PEMERINTAH Provinsi Jawa Timur (Pemprov Jatim) menerapkan Work From Home (WFH) pada hari Rabu sejak 1 April 2026 untuk menghemat energi. Penerapan WFH untuk Aparatur Sipil Negara (ASN) Pemprov Jatim ini berbeda dengan kementerian pusat dan pemerintah daerah lainnya yang menerapkan di hari Jumat.

Sekretaris Daerah Pemprov Jawa Timur Adhy Karyono mengatakan bahwa ide WFH hari Rabu berasal dari dia dan Gubernur Jatim, Khofifah Indar Parawansa. Menurut Adhy, WFH hari Rabu lebih efektif ketimbang Jumat untuk penghematan energi.

Scroll ke bawah untuk melanjutkan membaca

“Kalau WFH Jumat ya enggak ada bedanya dengan long weekend. Ini artinya memindahkan pemborosan BBM dari kantor ke rumah,” ujar Adhy pada Kamis 9 April 2026.
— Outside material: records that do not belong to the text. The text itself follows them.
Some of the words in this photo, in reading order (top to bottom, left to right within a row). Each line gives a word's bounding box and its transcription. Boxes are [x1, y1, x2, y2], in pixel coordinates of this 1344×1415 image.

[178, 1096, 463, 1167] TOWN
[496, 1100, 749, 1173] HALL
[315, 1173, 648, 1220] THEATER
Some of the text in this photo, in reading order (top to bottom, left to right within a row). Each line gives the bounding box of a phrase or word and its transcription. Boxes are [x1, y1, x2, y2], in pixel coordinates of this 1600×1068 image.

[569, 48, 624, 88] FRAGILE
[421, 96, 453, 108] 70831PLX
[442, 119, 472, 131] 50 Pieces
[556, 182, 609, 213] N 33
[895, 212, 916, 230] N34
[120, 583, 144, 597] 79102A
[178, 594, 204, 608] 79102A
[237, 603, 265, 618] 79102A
Adhy mengatakan bahwa keputusan ini memang tidak sinkron dengan pemerintah pusat yang menerapkan WFH pada hari Jumat. Namun, Pemprov Jatim tetap menugaskan ASN pada hari Rabu jika memang diperlukan.
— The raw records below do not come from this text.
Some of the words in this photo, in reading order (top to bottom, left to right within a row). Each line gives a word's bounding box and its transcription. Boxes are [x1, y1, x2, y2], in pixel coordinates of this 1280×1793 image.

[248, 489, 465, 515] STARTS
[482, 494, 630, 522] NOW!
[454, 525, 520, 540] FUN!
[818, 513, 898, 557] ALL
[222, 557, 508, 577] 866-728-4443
“Misal ada kunjungan kementerian, kami tetap menugaskan ASN untuk hadir langsung,” papar eks penjabat Gubernur Jatim ini.

Tak hanya itu, dia berpikir bahwa Rabu adalah hari efektif untuk jeda istirahat dari mobilitas tinggi. Sebab, Rabu berada di tengah dalam satu minggu.

Ia juga mengimbau agar ASN mulai menggunakan transportasi umum untuk mobilitas ke kantor. Serta mengurangi jumlah rombongan ketika ada acara.

Sejauh ini, Adhy menilai kebijakan ini cukup efektif. “Saya kemarin lihat memang sepi. Semua juga bekerja dengan zoom meeting kecuali ada peresmian,” katanya.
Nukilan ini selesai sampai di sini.